*** Input

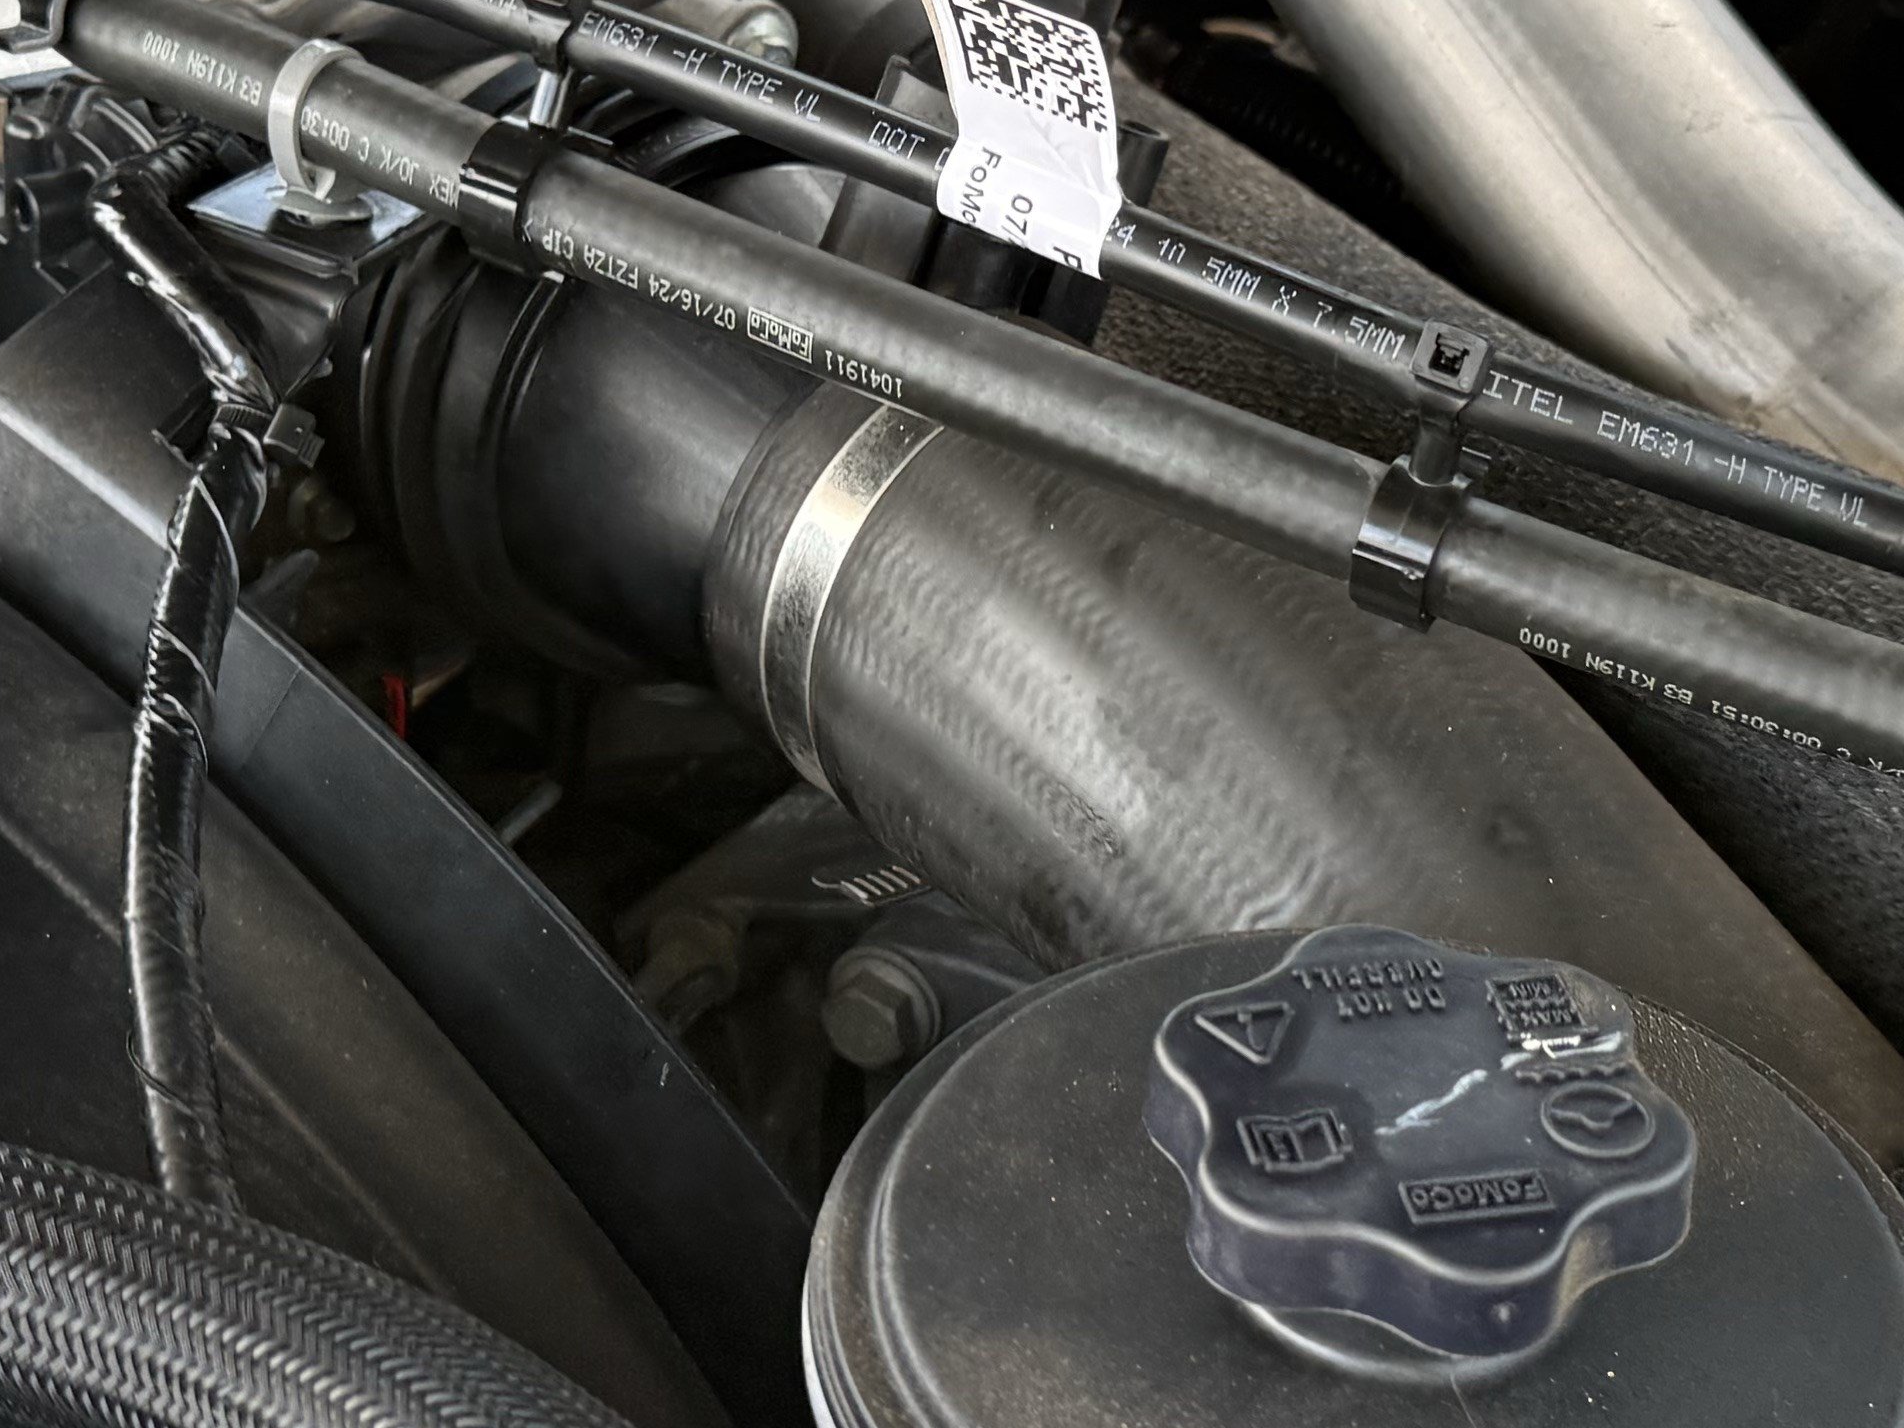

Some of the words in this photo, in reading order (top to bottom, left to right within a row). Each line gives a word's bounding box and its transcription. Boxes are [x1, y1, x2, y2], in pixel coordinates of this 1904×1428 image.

[142, 30, 180, 64] 1000
[578, 11, 659, 58] EM631
[717, 59, 783, 104] TYPE
[794, 88, 822, 123] VL
[187, 48, 238, 93] K119N
[240, 75, 263, 107] B3
[358, 136, 370, 162] C
[868, 120, 926, 160] DOT
[379, 145, 420, 186] JO/K
[542, 227, 575, 260] CIP
[648, 277, 737, 331] 07/16/24
[1270, 284, 1298, 317] X
[1313, 301, 1406, 362] 7.5MM
[749, 309, 812, 361] FoMoCo
[824, 348, 903, 399] 1041911
[1597, 410, 1695, 466] EM631
[1763, 465, 1826, 513] TYPE
[1838, 491, 1868, 529] VL
[1518, 627, 1572, 660] 1000
[1584, 652, 1656, 692] K119N
[1663, 683, 1694, 706] B3
[1711, 698, 1823, 750] 00:30:51
[1291, 958, 1444, 990] OVERFILL
[1336, 990, 1393, 1018] NOT
[1404, 987, 1446, 1011] DO
[1410, 1176, 1545, 1211] FoMoCo

******

*Problem details:* Exact repetition of the data is needed, with no images retained.

*Task output:*
Some of the words in this photo, in reading order (top to bottom, left to right within a row). Each line gives a word's bounding box and its transcription. Boxes are [x1, y1, x2, y2], in pixel coordinates of this 1904×1428 image.

[142, 30, 180, 64] 1000
[578, 11, 659, 58] EM631
[717, 59, 783, 104] TYPE
[794, 88, 822, 123] VL
[187, 48, 238, 93] K119N
[240, 75, 263, 107] B3
[358, 136, 370, 162] C
[868, 120, 926, 160] DOT
[379, 145, 420, 186] JO/K
[542, 227, 575, 260] CIP
[648, 277, 737, 331] 07/16/24
[1270, 284, 1298, 317] X
[1313, 301, 1406, 362] 7.5MM
[749, 309, 812, 361] FoMoCo
[824, 348, 903, 399] 1041911
[1597, 410, 1695, 466] EM631
[1763, 465, 1826, 513] TYPE
[1838, 491, 1868, 529] VL
[1518, 627, 1572, 660] 1000
[1584, 652, 1656, 692] K119N
[1663, 683, 1694, 706] B3
[1711, 698, 1823, 750] 00:30:51
[1291, 958, 1444, 990] OVERFILL
[1336, 990, 1393, 1018] NOT
[1404, 987, 1446, 1011] DO
[1410, 1176, 1545, 1211] FoMoCo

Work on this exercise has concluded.